• **Exercise requirements**:
Print all records exactly, pictures left out.
- - -
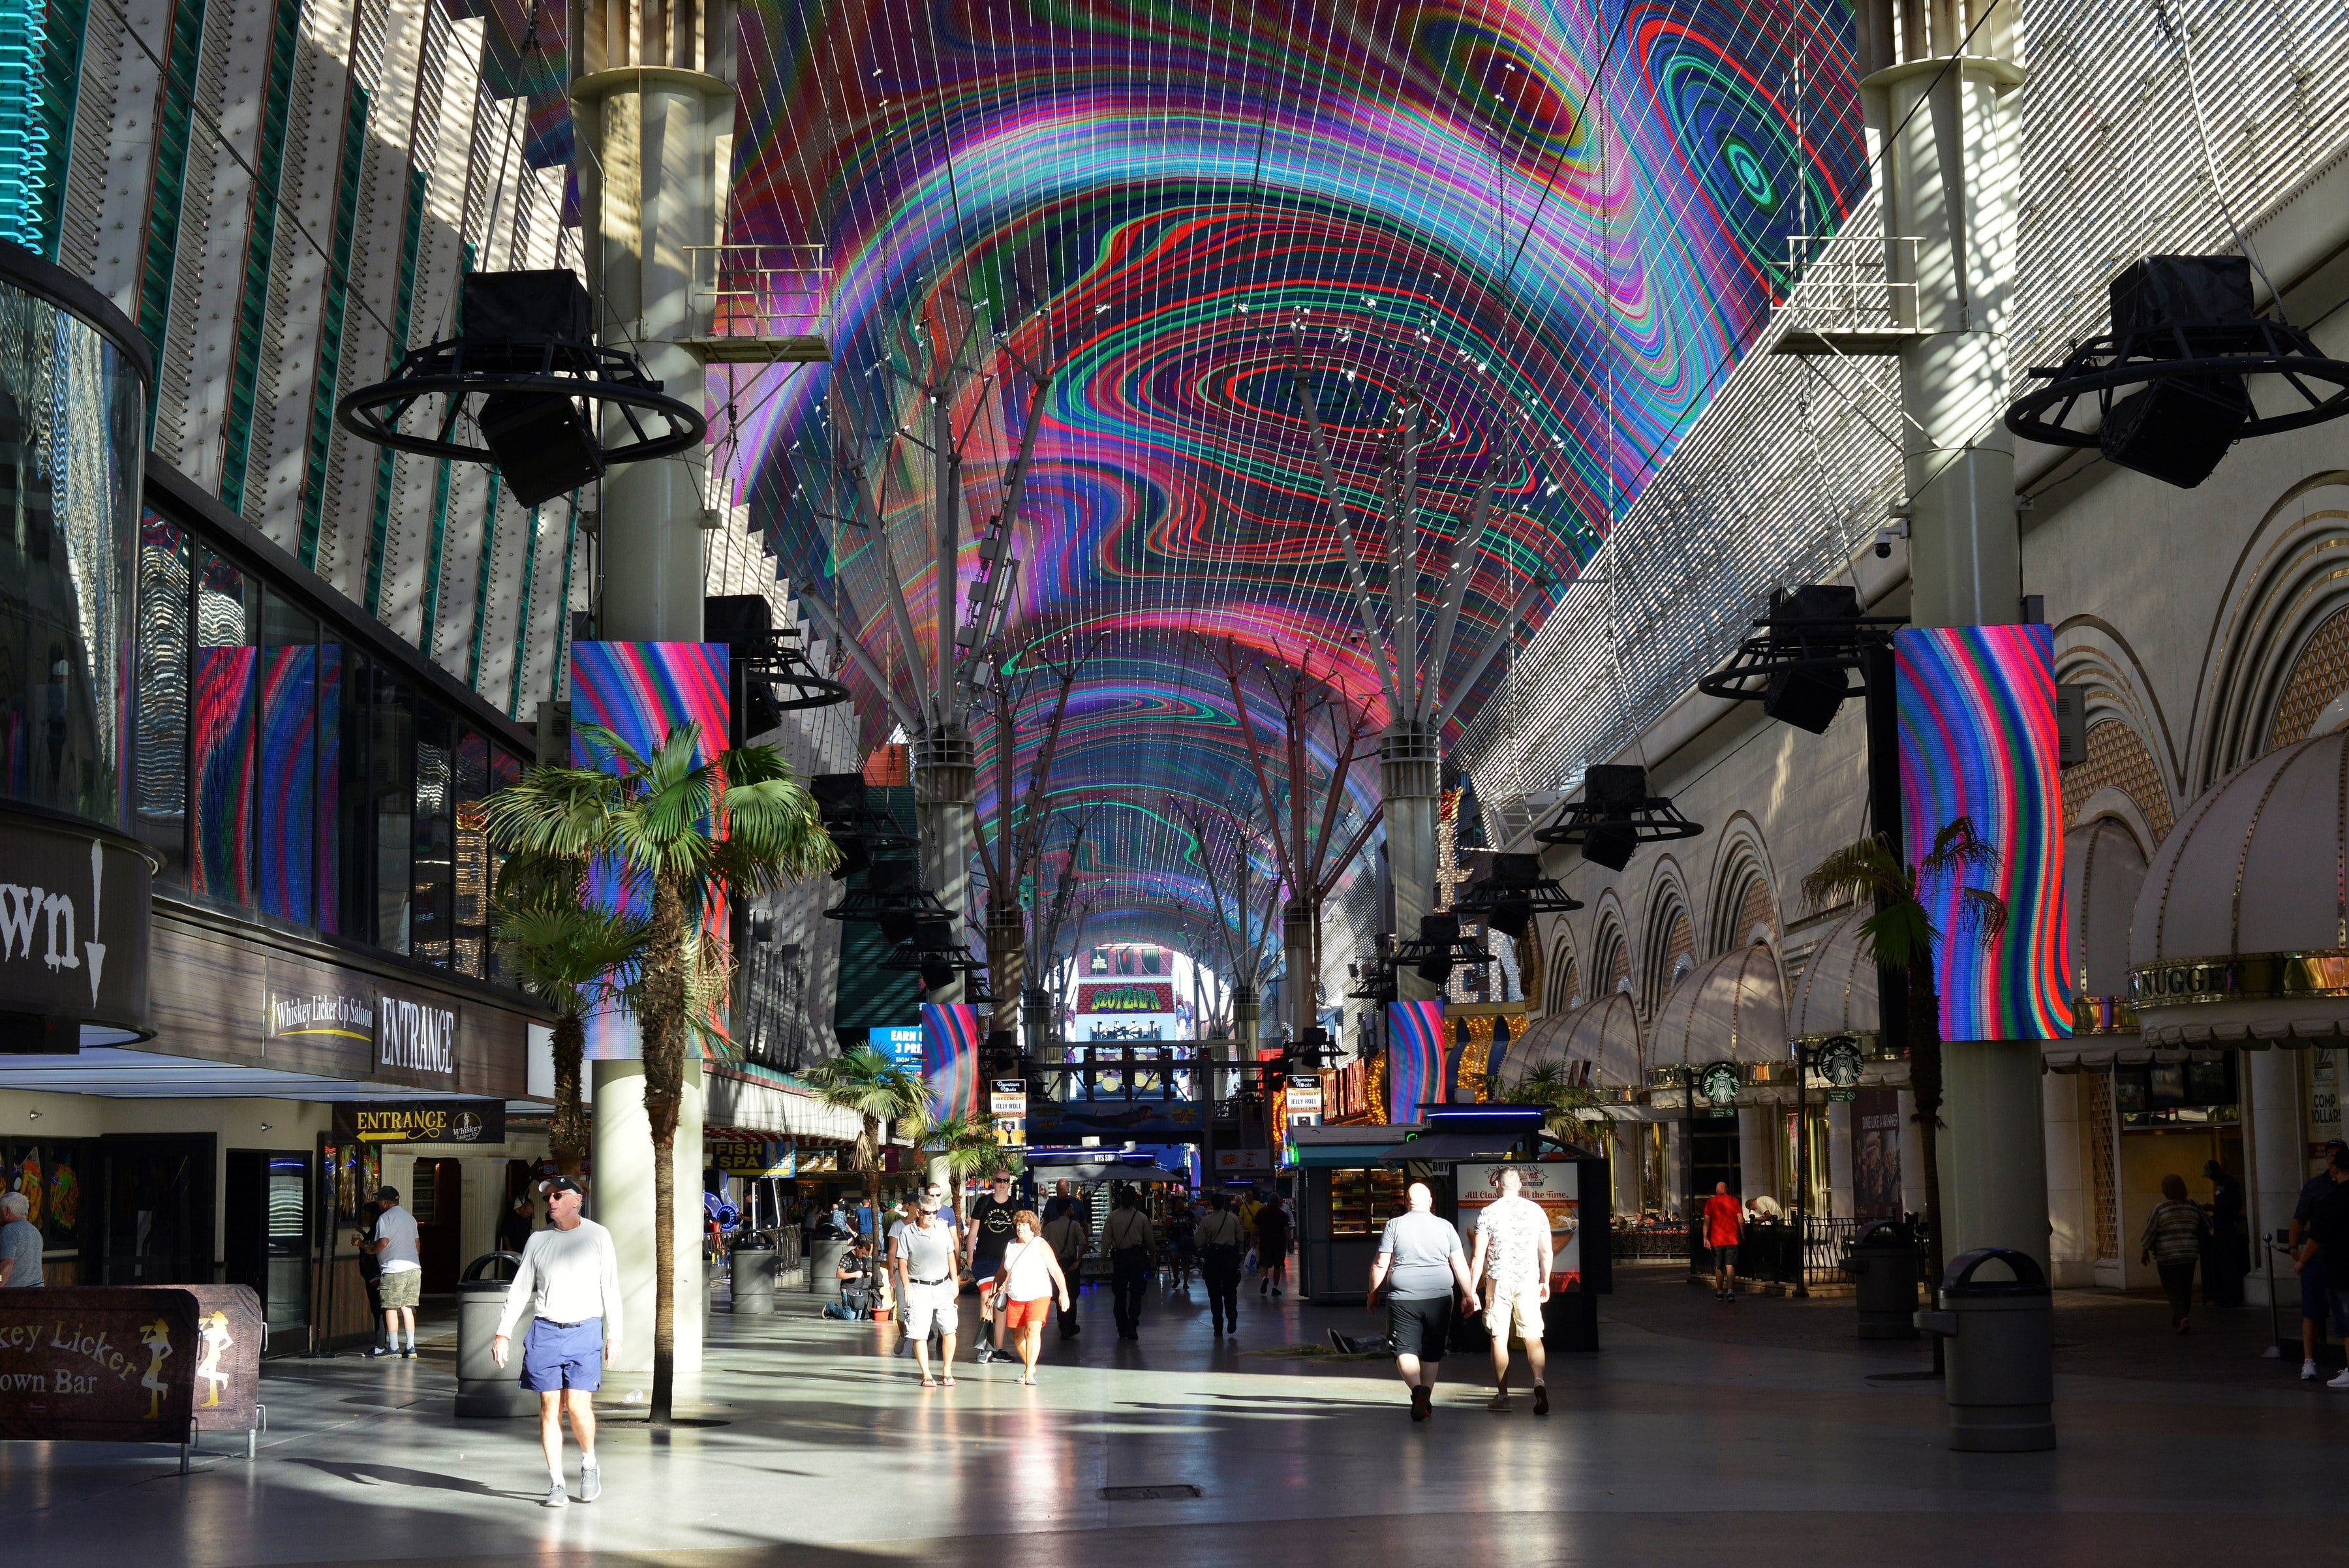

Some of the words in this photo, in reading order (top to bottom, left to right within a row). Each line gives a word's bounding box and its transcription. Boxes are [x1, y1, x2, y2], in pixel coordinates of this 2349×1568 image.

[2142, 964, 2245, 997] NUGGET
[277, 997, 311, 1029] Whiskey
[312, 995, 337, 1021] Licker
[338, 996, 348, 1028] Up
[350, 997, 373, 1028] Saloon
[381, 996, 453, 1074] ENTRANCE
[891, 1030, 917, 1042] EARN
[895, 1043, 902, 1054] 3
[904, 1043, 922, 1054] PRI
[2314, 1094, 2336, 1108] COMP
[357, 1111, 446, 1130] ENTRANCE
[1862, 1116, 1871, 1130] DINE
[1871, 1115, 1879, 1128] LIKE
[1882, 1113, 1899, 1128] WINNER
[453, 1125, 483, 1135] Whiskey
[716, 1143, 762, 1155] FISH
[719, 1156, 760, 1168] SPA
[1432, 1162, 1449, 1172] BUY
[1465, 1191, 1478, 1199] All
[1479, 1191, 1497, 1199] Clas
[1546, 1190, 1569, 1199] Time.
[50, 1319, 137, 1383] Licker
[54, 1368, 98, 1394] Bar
- - -
• **Result of this task**:
Some of the words in this photo, in reading order (top to bottom, left to right within a row). Each line gives a word's bounding box and its transcription. Boxes are [x1, y1, x2, y2], in pixel coordinates of this 2349×1568 image.

[2142, 964, 2245, 997] NUGGET
[277, 997, 311, 1029] Whiskey
[312, 995, 337, 1021] Licker
[338, 996, 348, 1028] Up
[350, 997, 373, 1028] Saloon
[381, 996, 453, 1074] ENTRANCE
[891, 1030, 917, 1042] EARN
[895, 1043, 902, 1054] 3
[904, 1043, 922, 1054] PRI
[2314, 1094, 2336, 1108] COMP
[357, 1111, 446, 1130] ENTRANCE
[1862, 1116, 1871, 1130] DINE
[1871, 1115, 1879, 1128] LIKE
[1882, 1113, 1899, 1128] WINNER
[453, 1125, 483, 1135] Whiskey
[716, 1143, 762, 1155] FISH
[719, 1156, 760, 1168] SPA
[1432, 1162, 1449, 1172] BUY
[1465, 1191, 1478, 1199] All
[1479, 1191, 1497, 1199] Clas
[1546, 1190, 1569, 1199] Time.
[50, 1319, 137, 1383] Licker
[54, 1368, 98, 1394] Bar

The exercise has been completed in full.